## Problem requirements
Leave out the pictures and copy the remaining records exactly.

## Input data

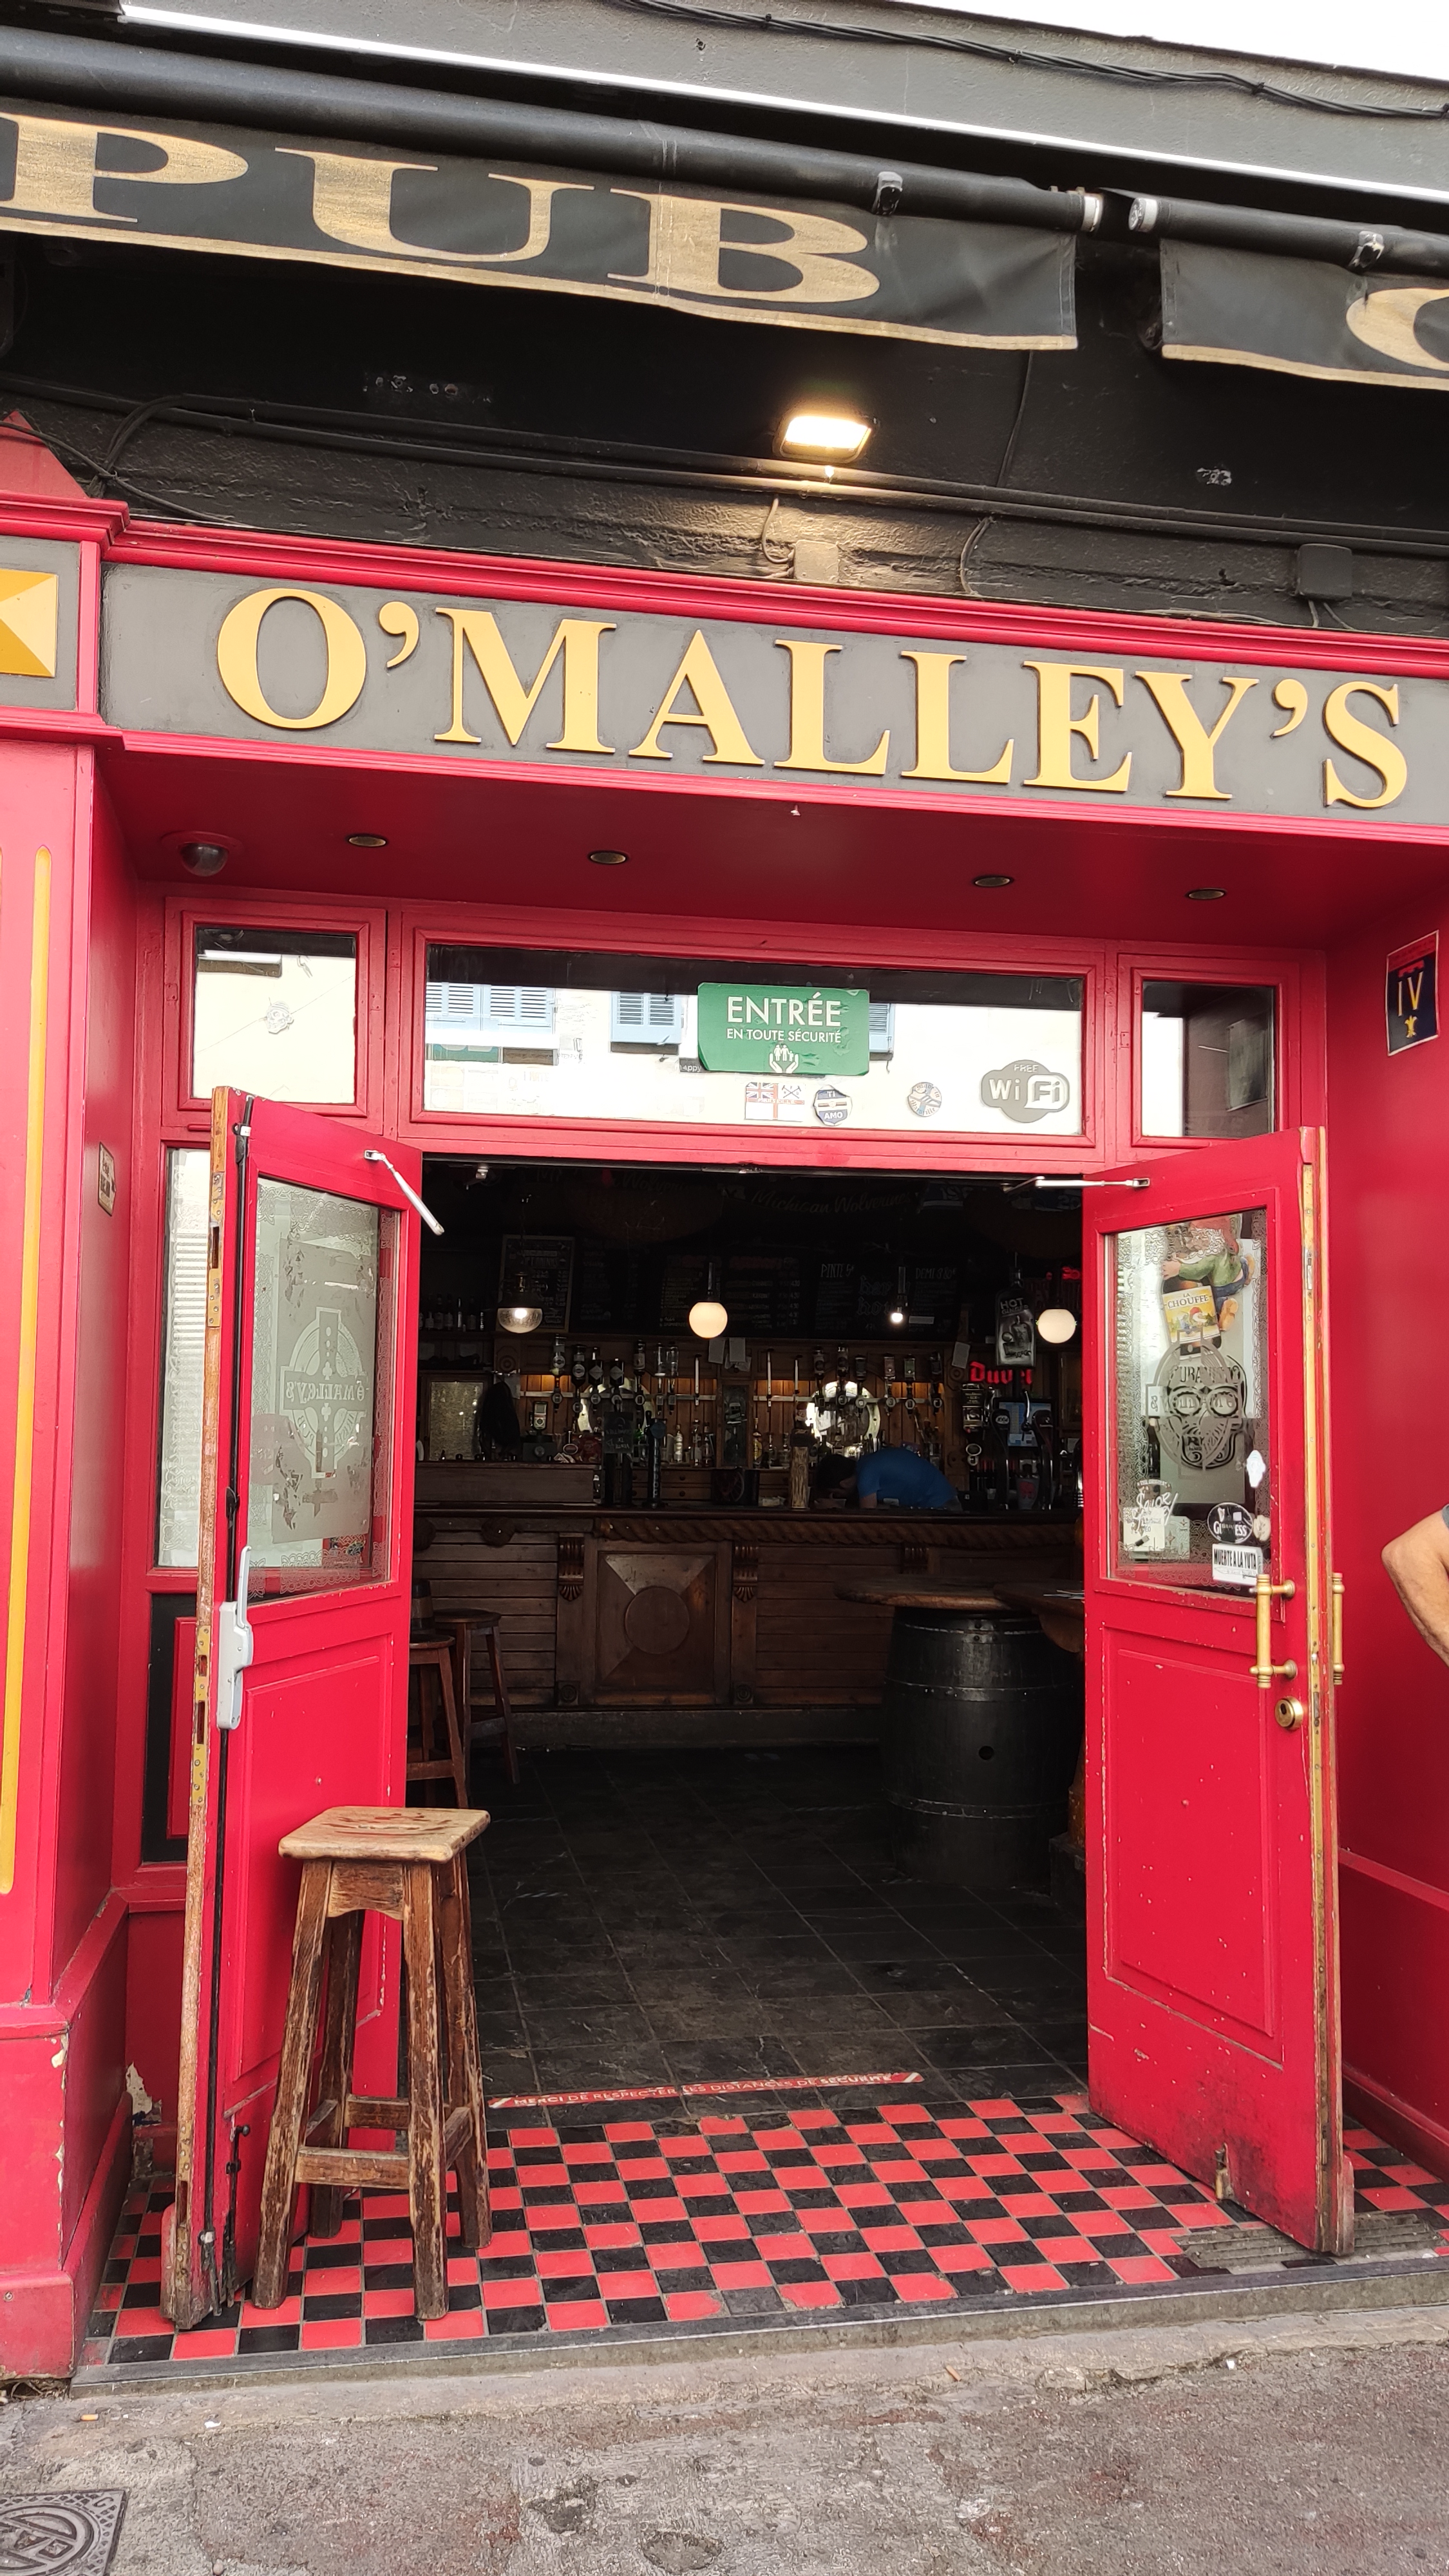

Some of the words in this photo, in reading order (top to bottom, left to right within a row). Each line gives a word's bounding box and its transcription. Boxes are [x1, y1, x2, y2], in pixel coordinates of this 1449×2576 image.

[0, 111, 881, 305] PUB
[217, 587, 1408, 810] O'MALLEY'S
[727, 991, 841, 1027] ENTRÉE
[726, 1028, 743, 1040] EN
[746, 1029, 784, 1041] TOUTE
[788, 1028, 842, 1043] SÉCURITÉ
[1014, 1064, 1039, 1073] FREE
[824, 1112, 844, 1120] AMO
[1000, 1298, 1024, 1310] HOT
[1168, 1295, 1209, 1309] CHOUFFE
[1213, 1549, 1233, 1567] MUERTE
[1233, 1550, 1237, 1567] A
[1238, 1551, 1244, 1568] LA
[1244, 1551, 1256, 1570] YUTA
[515, 2096, 564, 2107] MERCI
[568, 2094, 589, 2102] DE
[593, 2087, 677, 2100] RESPECTER
[710, 2079, 793, 2092] DISTANCES
[797, 2078, 816, 2087] DE

## Response for this exercise
Some of the words in this photo, in reading order (top to bottom, left to right within a row). Each line gives a word's bounding box and its transcription. Boxes are [x1, y1, x2, y2], in pixel coordinates of this 1449×2576 image.

[0, 111, 881, 305] PUB
[217, 587, 1408, 810] O'MALLEY'S
[727, 991, 841, 1027] ENTRÉE
[726, 1028, 743, 1040] EN
[746, 1029, 784, 1041] TOUTE
[788, 1028, 842, 1043] SÉCURITÉ
[1014, 1064, 1039, 1073] FREE
[824, 1112, 844, 1120] AMO
[1000, 1298, 1024, 1310] HOT
[1168, 1295, 1209, 1309] CHOUFFE
[1213, 1549, 1233, 1567] MUERTE
[1233, 1550, 1237, 1567] A
[1238, 1551, 1244, 1568] LA
[1244, 1551, 1256, 1570] YUTA
[515, 2096, 564, 2107] MERCI
[568, 2094, 589, 2102] DE
[593, 2087, 677, 2100] RESPECTER
[710, 2079, 793, 2092] DISTANCES
[797, 2078, 816, 2087] DE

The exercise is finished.